The Kaesong Industrial Complex, a few kilometres north of the inter-Korean border, is the last significant vestige of cooperation spawned by the neighbours' first summit meeting 15 years ago. North Korea shut down the complex for five months in 2013, during a period of diplomatic tension that followed a nuclear test by Pyongyang.
Tension on the divided Korean peninsula escalated on Thursday (August 20) when North Korea fired shells into South Korea to protest against the loudspeaker broadcasts from near the Korean border. The South responded with its own artillery barrage.
Both sides said there were no casualties or damage in their territory.

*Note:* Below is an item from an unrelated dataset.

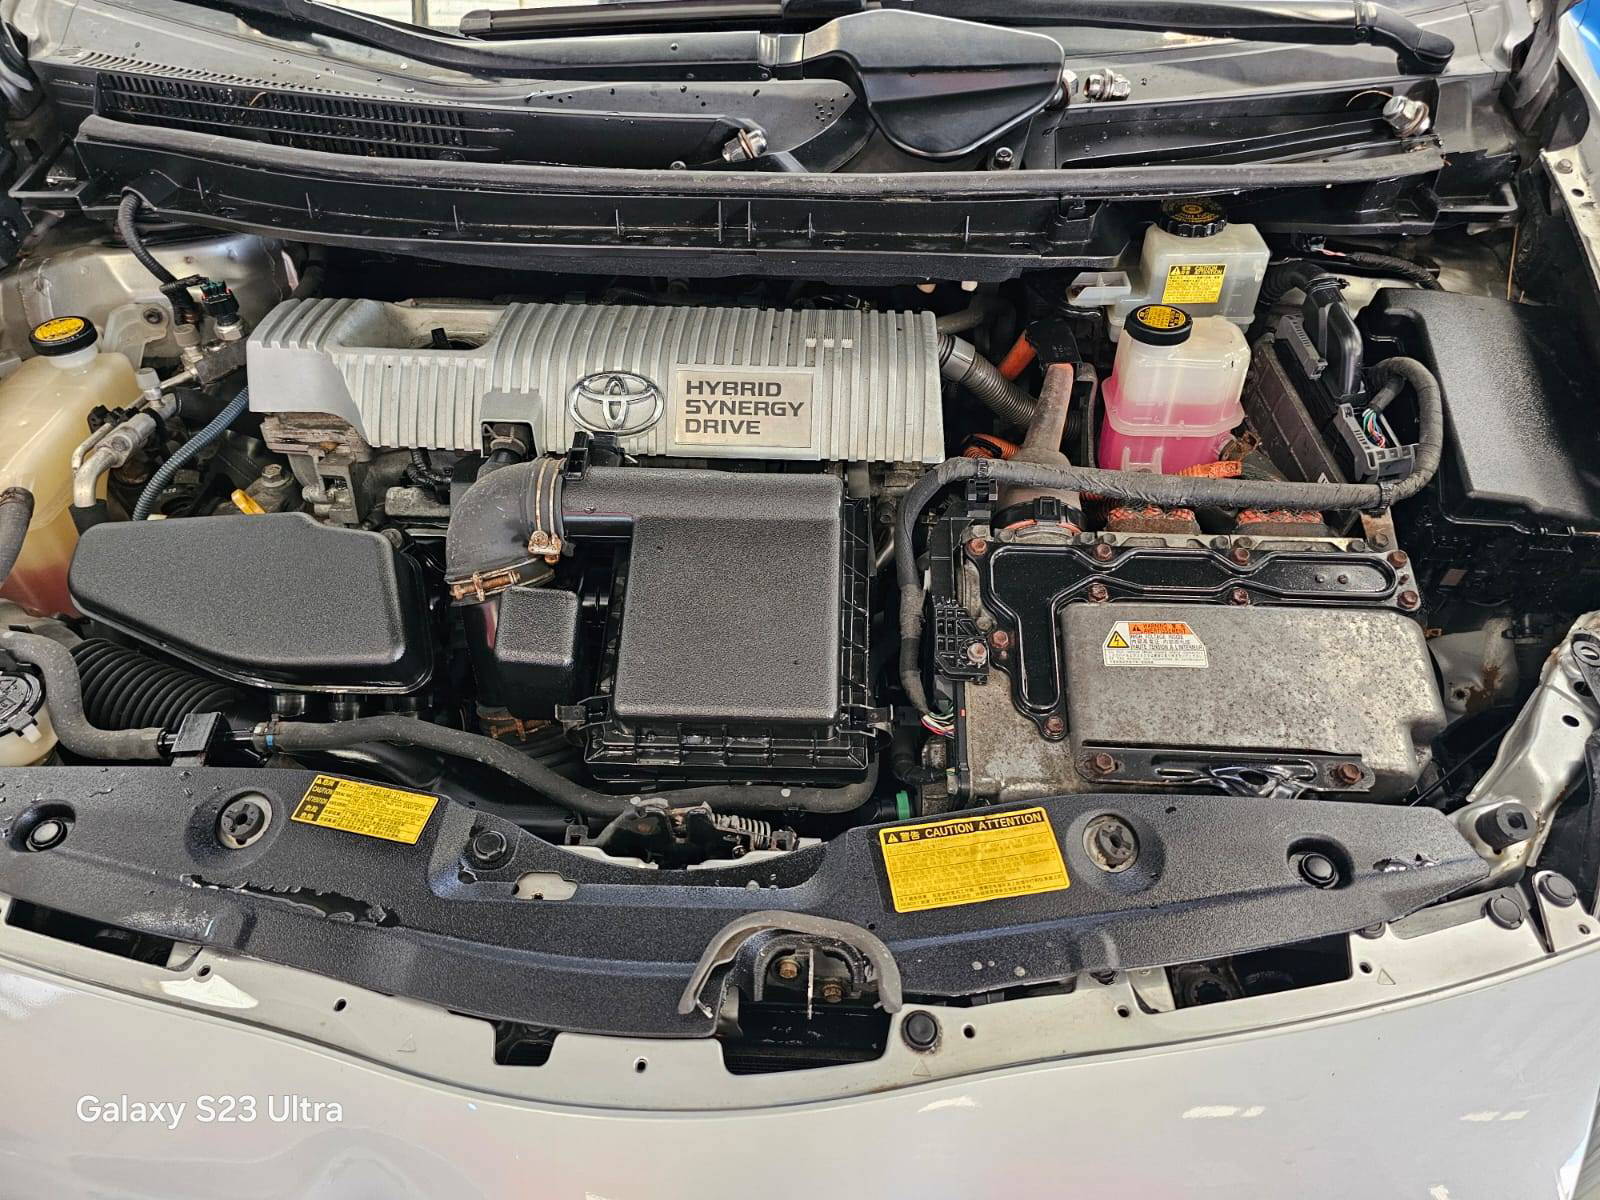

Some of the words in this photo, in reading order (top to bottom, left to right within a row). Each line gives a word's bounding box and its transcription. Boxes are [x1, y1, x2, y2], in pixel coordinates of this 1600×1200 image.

North Korea warned Seoul in a letter that it would take military action if the South did not stop the broadcasts along the border within 48 hours, North Korea's state media KRT said.
The North Korean leader Kim Jong Un would put his troops on a "fully armed state of war" starting from 5 p.m. (0830 GMT) and had declared a "quasi-state of war" in frontline areas, KRT added.
Seoul began blasting anti-North Korean propaganda from loudspeakers on the border on August 10, resuming a tactic that both sides had stopped in 2004.